El hombre santo procurará pureza del corazón. Aborrecerá toda suciedad y contaminación de su espíritu, y buscará evitar todas las cosas que puedan llevarlo a ellas. Sabe que su propio corazón es como paja y será diligente en mantenerse lejos de las chispas de la tentación. ¿Quién se atreverá a hablar de fortaleza sabiendo que alguien como David puede caer?
El hombre santo procurará la humildad. Anhelará, modestamente, estimar a otros mejores que él. Verá más maldad en su propio corazón, que en el de cualquier otro en el mundo.

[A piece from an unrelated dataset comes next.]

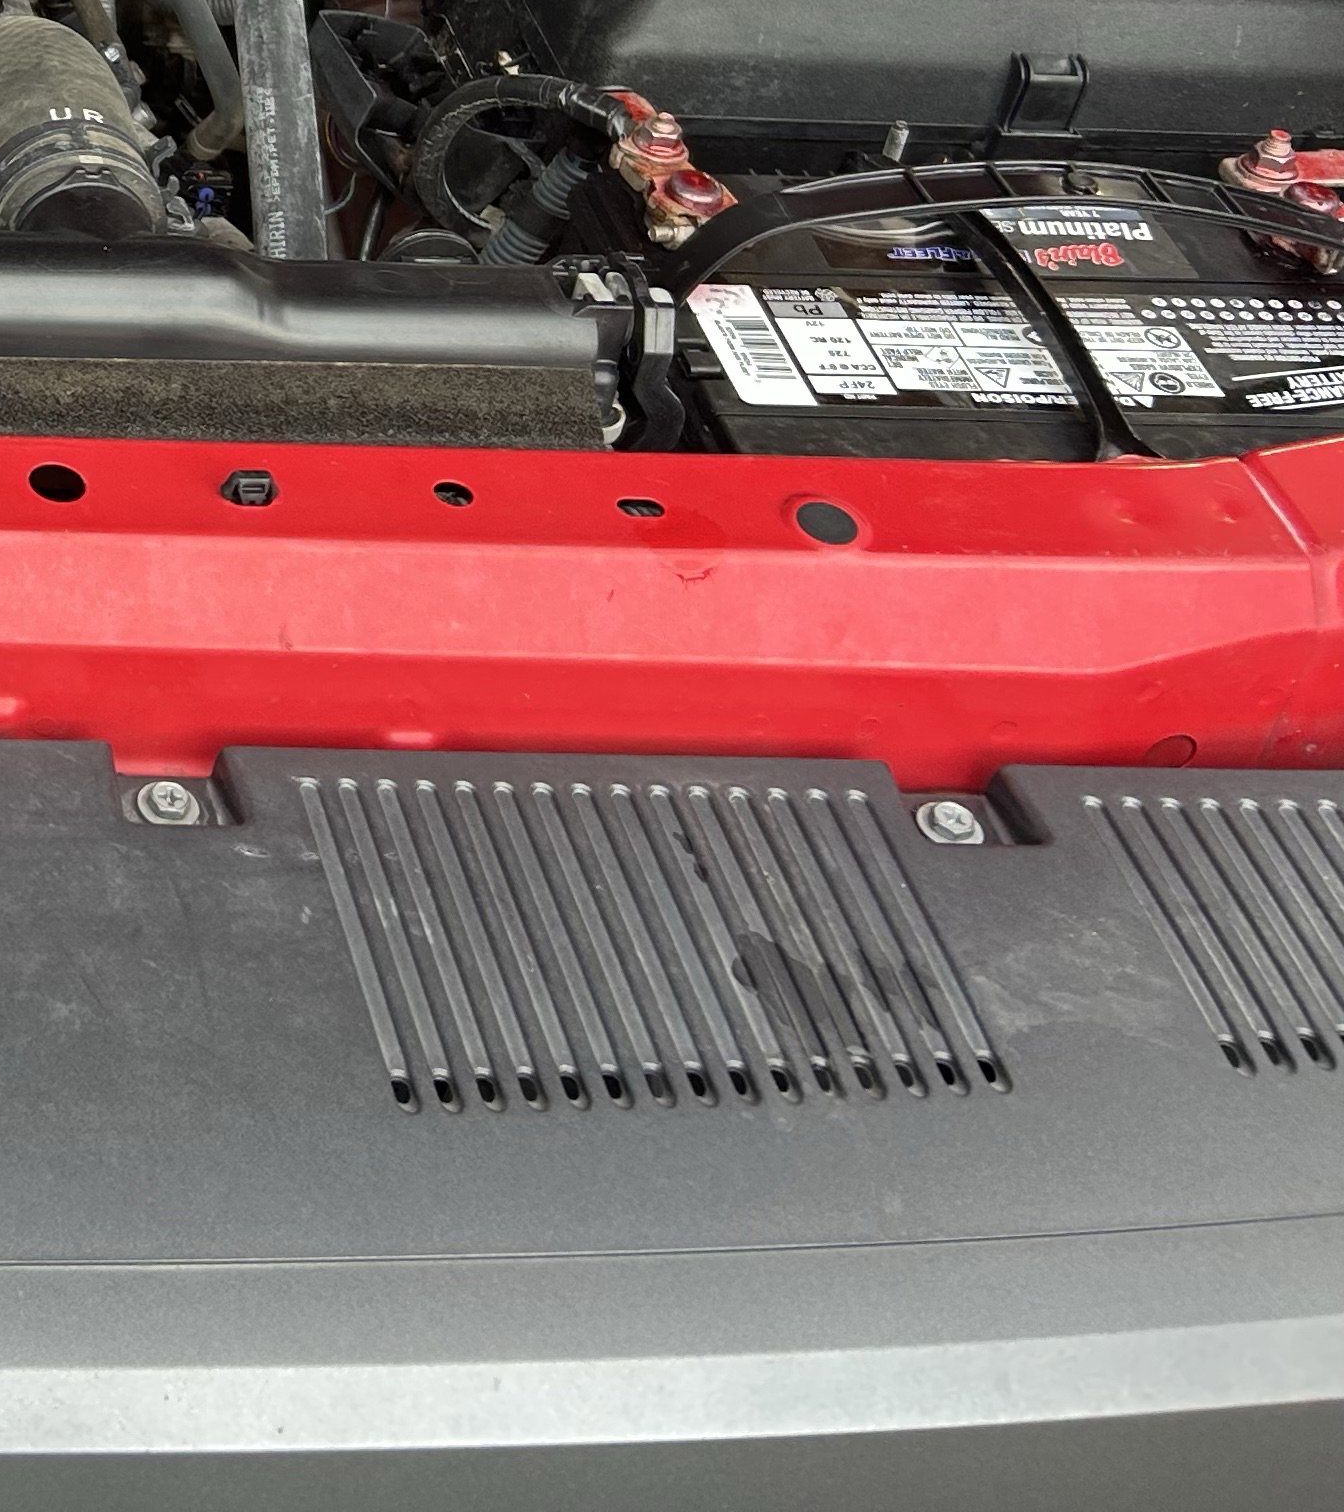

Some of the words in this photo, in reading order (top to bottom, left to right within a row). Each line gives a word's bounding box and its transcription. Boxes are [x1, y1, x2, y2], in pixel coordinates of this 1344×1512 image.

Las personas santas debieran apuntar a hacer todo bien y debieran avergonzarse de permitirse hacer algo mal, si pueden evitarlo. Al igual que Daniel, deben procurar no tener ningún cargo contra ellos, excepto su “relación con la ley de su Dios” (Dn. 6:5). Deben esforzarse por ser buenos cónyuges, buenos padres y buenos hijos, buenos patrones y buenos siervos, buenos vecinos, buenos amigos, buenos en privado y buenos en público, buenos en su lugar de trabajo y buenos en su hogar. Poco vale la santidad, si no lleva este tipo de fruto.
En último lugar, el hombre santo procurará una mentalidad espiritual. Se esforzará por consagrar sus afectos enteramente a las cosas de arriba y considerar las cosas de la tierra mucho menos importantes. No descuidará la vida actual, pero el primer lugar en su mente y pensamientos lo dará a la vida venidera.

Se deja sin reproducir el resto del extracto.